Treatment of infertility due to gonadotropic insufficiency is carried out in 2 stages:

  • Stage 1 - preparatory;
  • Stage 2 - ovulation induction.

At the preparatory stage, cyclic hormone replacement therapy is carried out to form a female phenotype, increase the size of the uterus, proliferate the endometrium, activate the receptor apparatus in target organs, which increases the effectiveness of subsequent ovulation stimulation. The use of natural estrogens (estradiol, estradiol valerate) and gestagens (dydrogesterone, progesterone) is preferable. The duration of preparatory therapy depends on the severity of hypogonadism and is 3-12 months.

Drugs of choice:

  • estradiol orally 2 mg 1-2 times a day, course 15 days or
  • estradiol valerate orally 2 mg 1-2 times a day, course 15 days, then
  • dydrogesterone orally 10 mg 1-2 times a day, course 10 days or
  • progesterone orally 100 mg 2-3 times a day, or vaginally 100 mg 2-3 times a day, or intramuscularly 250 mg 1 time per day, course 10 days. The introduction of estrogens begins on the 3rd-5th day of the menstrual-like reaction.

Alternative drugs:

Scheme 1:

  • estradiol 2 mg once a day, course 14 days, then
  • estradiol/dydrogesterone 2 mg/10 mg once a day, course 14 days.

Scheme 2:

  • estradiol valerate orally 2 mg once a day, course 70 days, then
  • estradiol valerate/medroxyprogesterone orally 2 mg/20 mg once a day, course 14 days, then
  • placebo 1 time per day, course 7 days. Scheme 3:
  • estradiol valerate orally 2 mg once a day, course 11 days;
  • estradiol valerate/norgestrel orally 2 mg/500 mcg once a day, course 10 days, then a break of 7 days.

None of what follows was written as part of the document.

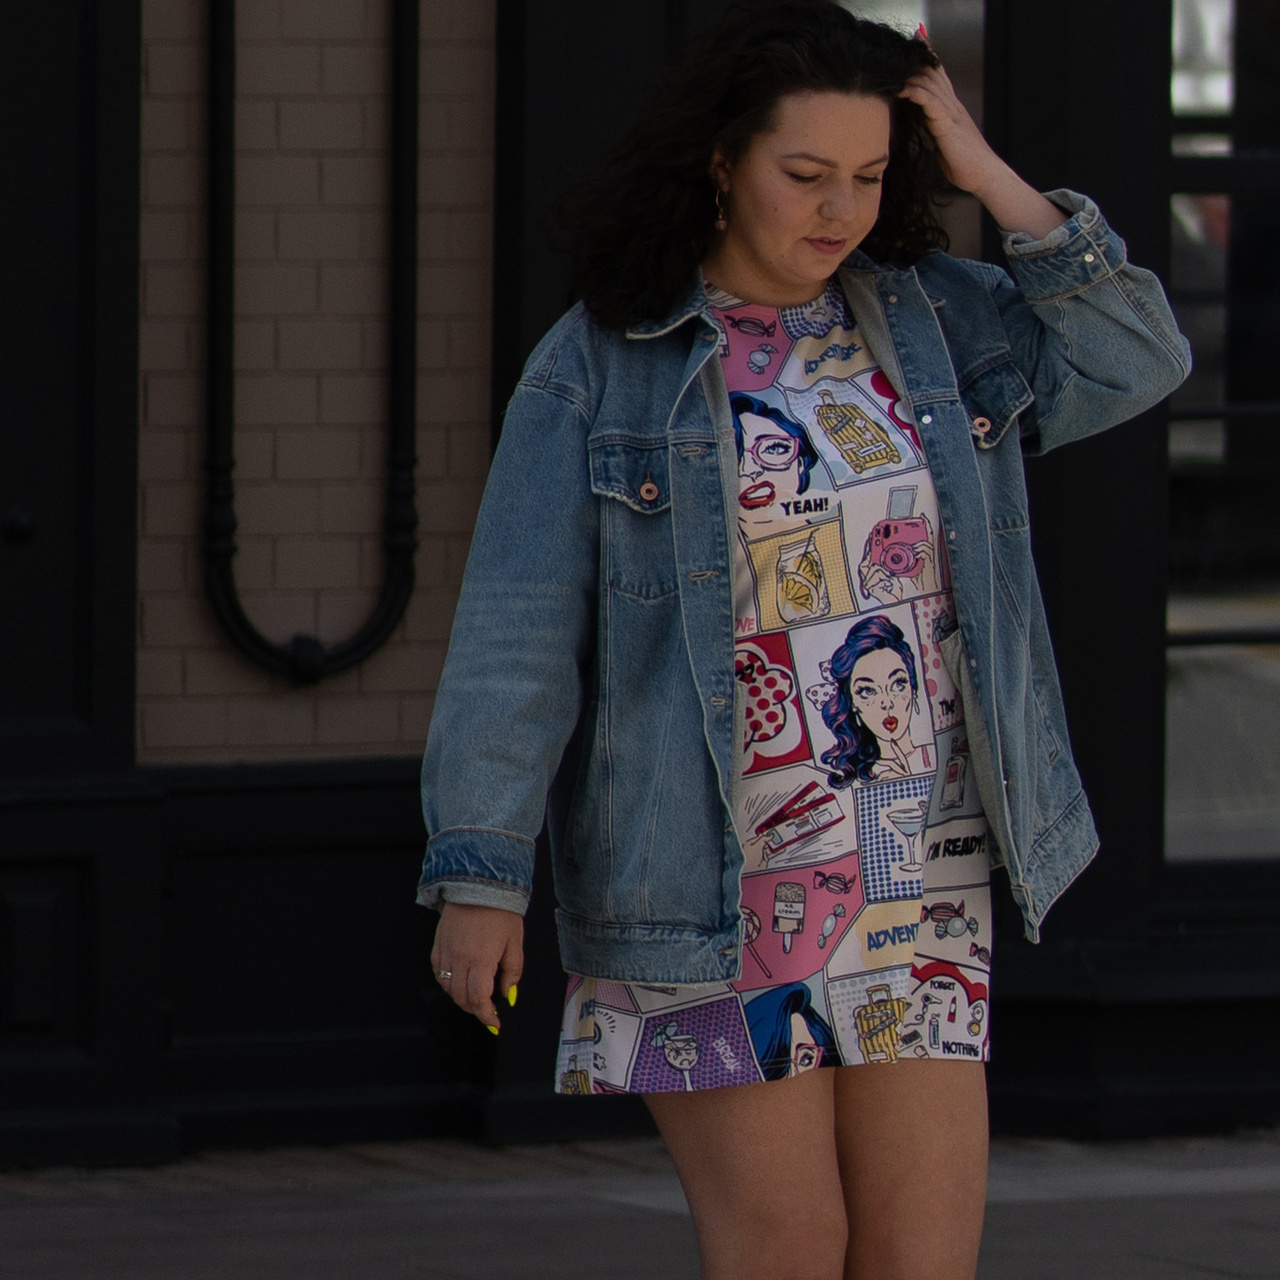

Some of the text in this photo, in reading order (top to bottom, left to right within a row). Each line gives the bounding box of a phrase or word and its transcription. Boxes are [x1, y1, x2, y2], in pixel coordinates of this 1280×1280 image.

[780, 497, 828, 516] YEAH!
[942, 833, 986, 858] READY!
[930, 980, 956, 991] FORGET
[712, 1036, 743, 1074] BREAK

After completion of the first stage, ovulation induction is performed, the main principles of which are an adequate choice of the drug and its starting dose and careful clinical and laboratory monitoring of the stimulated cycle.

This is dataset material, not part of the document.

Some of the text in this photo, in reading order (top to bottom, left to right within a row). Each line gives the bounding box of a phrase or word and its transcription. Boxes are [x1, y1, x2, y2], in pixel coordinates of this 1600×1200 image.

The drugs of choice at this stage are menotropins.

  • Menotropins IM 150-300 IU once a day at the same time from the 3rd to the 5th day of the menstrual-like reaction. The starting dose depends on the severity of gonadotropic insufficiency. The adequacy of the dose is assessed by the dynamics of follicle growth (normally 2 mm/day). With slow follicle growth, the dose is increased by 75 IU, with too rapid growth, it is reduced by 75 IU. The drug is administered until mature follicles with a diameter of 18-20 mm are formed, then human chorionic gonadotropin IM 10,000 IU is administered once.

After ovulation has been confirmed, the luteal phase of the cycle is supported:

  • dydrogesterone orally 10 mg 1-3 times a day, course 10-12 days or
  • progesterone orally 100 mg 2-3 times a day, or vaginally 100 mg 2-3 times a day, or intramuscularly 250 mg 1 time per day, course 10-12 days.

In the absence of symptoms of ovarian hyperstimulation, it is possible to use:

  • human chorionic gonadotropin intramuscularly 1500–2500 IU once a day on days 3.5 and 7 of the luteal phase.

If the first course is ineffective, repeated courses of ovulation induction are carried out in the absence of ovarian cysts.

An alternative scheme for ovulation induction is the use of GnRH agonists (effective only in the hypothalamic form), which are administered intravenously from the 3rd to 5th day of the menstrual-like reaction for 20-30 days in a pulsating mode (1 dose for 1 min every 89 min) using a special device. If the first course is ineffective, repeated courses of ovulation induction are carried out in the absence of ovarian cysts.

It is not advisable to use antiestrogens to induce ovulation in cases of gonadotropic insufficiency.

Forecast

The effectiveness of treatment depends on the degree of gonadotropic insufficiency, the woman’s age and the adequacy of preparatory therapy.

In the pituitary form of gonadotropic insufficiency, induction of ovulation with menotropins leads to pregnancy in 70–90% of women.

In the hypothalamic form, ovulation induction with menotropins is effective in 70% of women, and induction with pulsatile administration of a GnRH agonist is effective in 70–80% of women.